Mr. GORE. Thank you very much.

Mr. Samuels, welcome. And without objection, your entire text will be put in the record. We invite you to present any or all of it as you see fit.

STATEMENT OF SHELDON SAMUELS, DIRECTOR, HEALTH,

SAFETY, AND ENVIRONMENT INDUSTRIAL UNION DEPARTMENT, AFL-CIO, ON BEHALF OF HOWARD D. SAMUEL, PRESI. DENT OF THE DEPARTMENT

Mr. SAMUELS. Thank you, Mr. Gore and Mr. Walker. Let me thank you and your staff for putting light on what potentially poses the most difficult problem workers will have to face in the coming decade.

The genetic factor in occupationally related disease is one factor in a broader system of disease explanation. The system is useful if it bears fruit in prevention or intervention of disease development. There is nothing about such a system that demands that we characterize it as "The Truth” or “The Cause.” The system is simply a scientific model that either is or is not heuristic.

The model finds expression, whether in blood enzyme or anatomical differences, in the gene as a physiological agent, but “primarily," noted Sewall Wright, as a mere “hypothetical entity postulated to make sense out of the results of breeding experiments."

Because of the power of the genetic factor, partly a function of historical visibility, there is a rising tendency to isolate and favor it, especially since some of the other cofactors in the system of disease explanation-personal habits, lifestyle, diet, community environment-are wearing out their propagandic usefulness. For some, there is a need for new fads to rationalize the continuing tragedy in which the workplace is permitted-indeed, designed to uniquely and unnecessarily contribute to death and sickness.
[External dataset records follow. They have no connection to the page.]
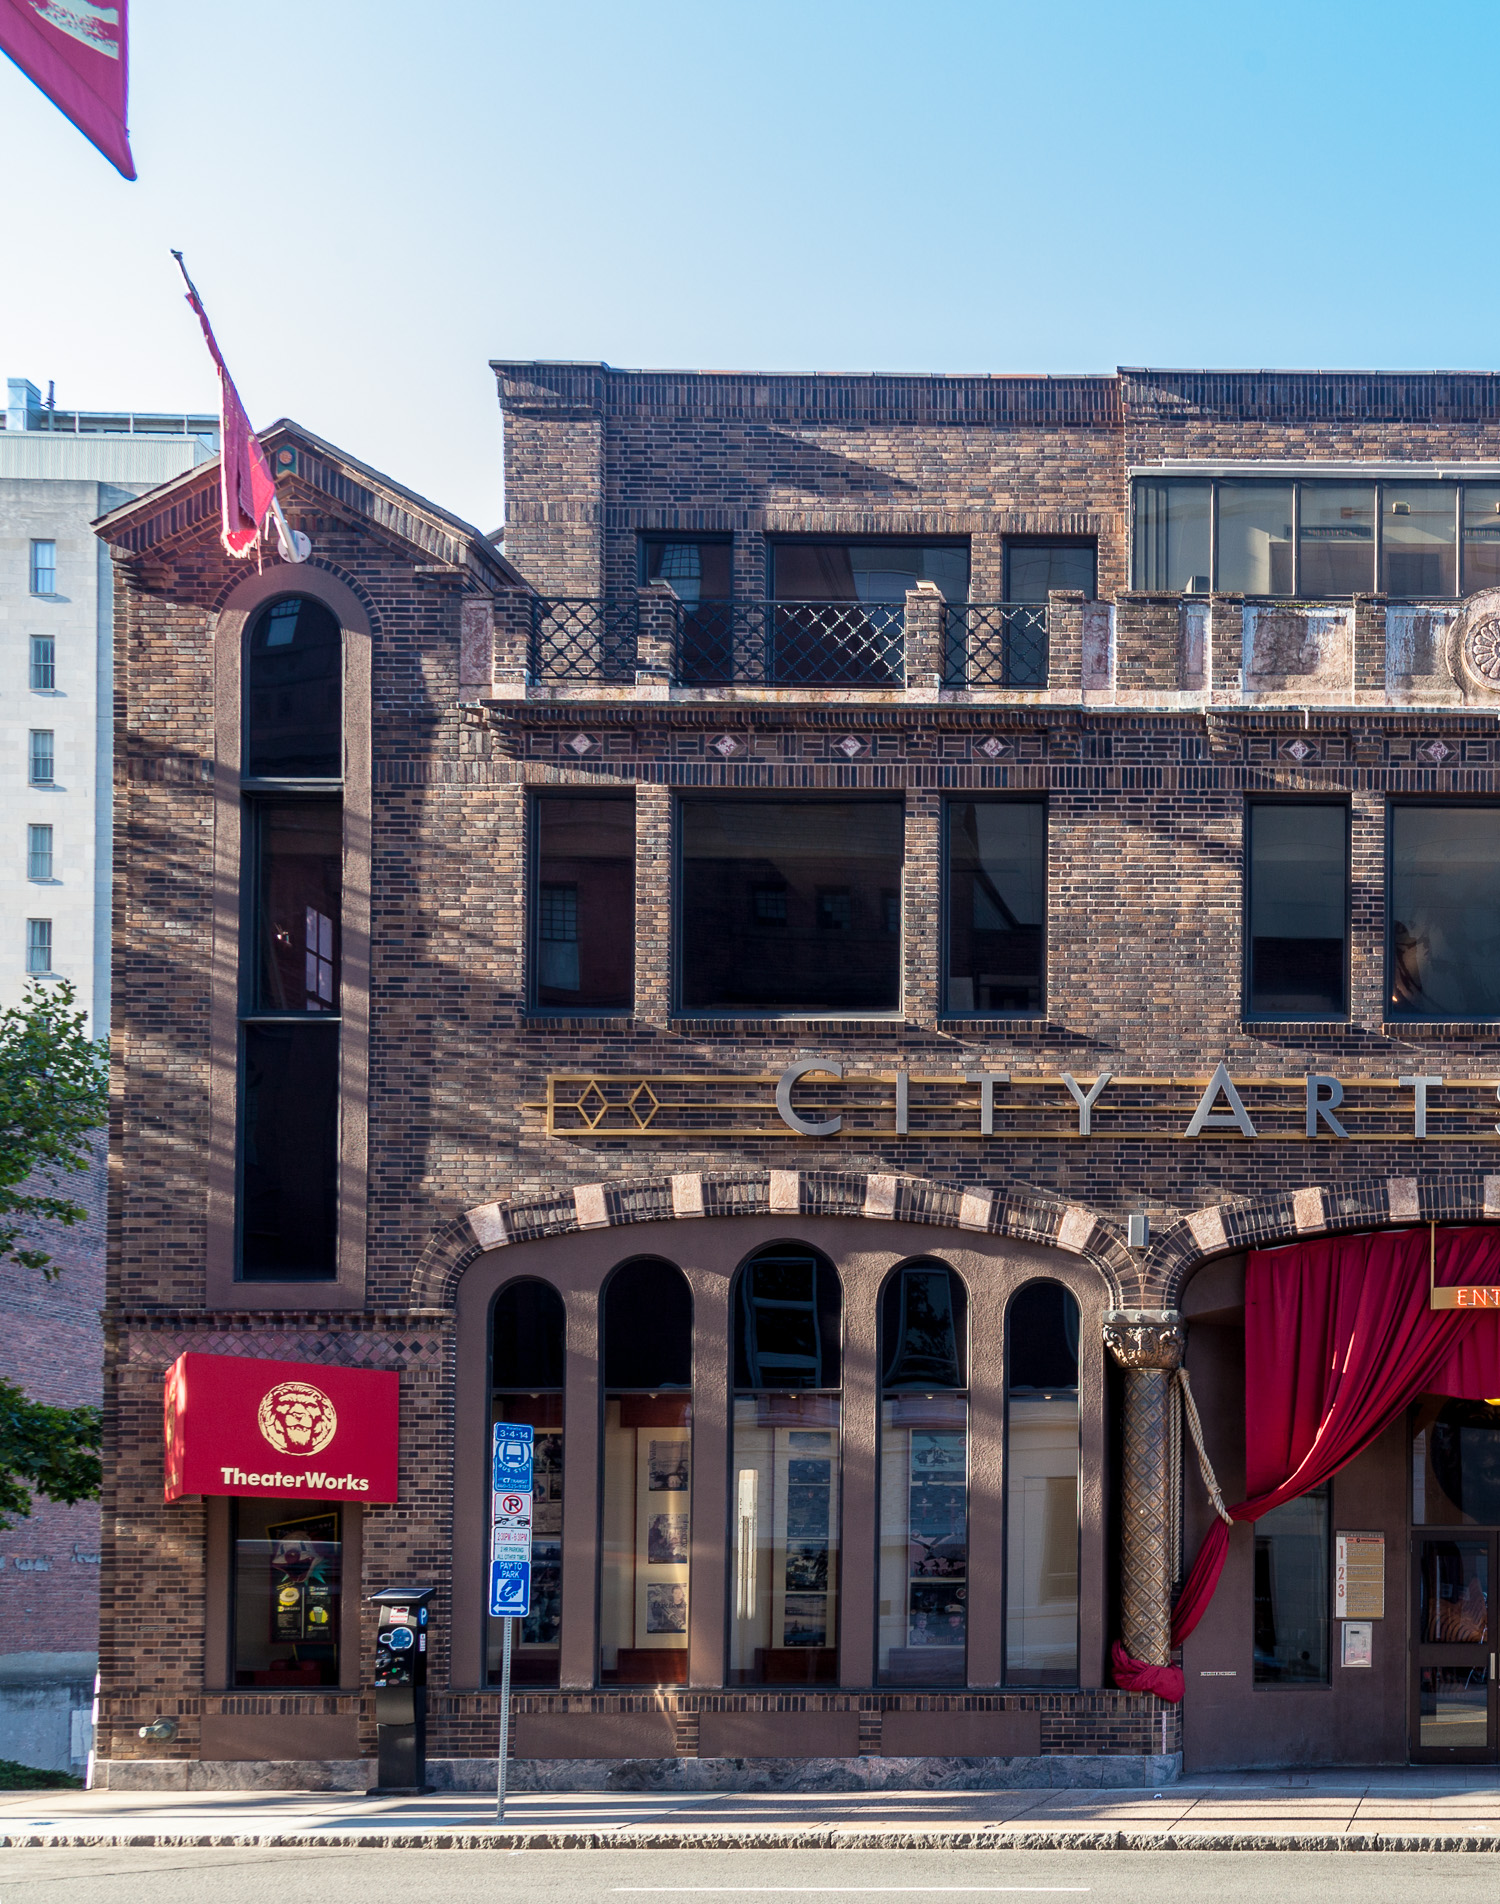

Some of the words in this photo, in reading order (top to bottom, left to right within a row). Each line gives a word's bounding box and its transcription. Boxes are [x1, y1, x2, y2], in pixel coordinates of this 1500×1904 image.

[775, 1058, 1114, 1136] CITY
[498, 1463, 511, 1473] BUS
[513, 1463, 530, 1474] STOP
[220, 1467, 370, 1491] TheaterWorks
[1339, 1545, 1344, 1559] 1
[500, 1562, 513, 1570] PAY
[513, 1562, 523, 1571] TO
[1338, 1566, 1345, 1580] 2
[501, 1570, 520, 1579] PARK
[1338, 1584, 1345, 1598] 3
Placing the genetic factor in a socially and individually meaningful context at this stage in the management of risk and high risk populations is still possible, but not without congressional action.

There has been a long-held and strong consensus among scientists that the final expression of any gene depends upon the complex end results of physico-chemical reactions started by the gene and other factors. The reactions can be influenced by the internal and external environments of the organism and by other genes. Differences in environment result in marked differences in the expression of genes. Indeed, many geneticists hold that no statement about genetic differences has meaning unless the environment in which the gene manifests itself is specified.
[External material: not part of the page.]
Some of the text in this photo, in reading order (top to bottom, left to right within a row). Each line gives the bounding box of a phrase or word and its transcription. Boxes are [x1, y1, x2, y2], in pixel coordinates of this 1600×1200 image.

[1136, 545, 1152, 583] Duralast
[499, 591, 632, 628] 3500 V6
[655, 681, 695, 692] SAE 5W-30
If we understand the way in which a gene operates to exert its effects, we may be able-by monitoring genetic change and by controlling conditions-to limit the effect of the gene to some particular—or even no-effect.
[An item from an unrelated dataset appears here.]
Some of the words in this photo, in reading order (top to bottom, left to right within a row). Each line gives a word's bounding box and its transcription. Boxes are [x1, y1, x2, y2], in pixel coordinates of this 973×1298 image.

Clearly, given this understanding, significant new tools can be developed in our struggle to control the environments created by man to prevent disease or to intervene when environmentally induced damage has already occurred.

A barrier to this understanding is the failure to understand concurrently that organisms are not pieces of putty, infinitely moldable by infinitestimal degrees in any direction, but are, rather, complex and resilient structures.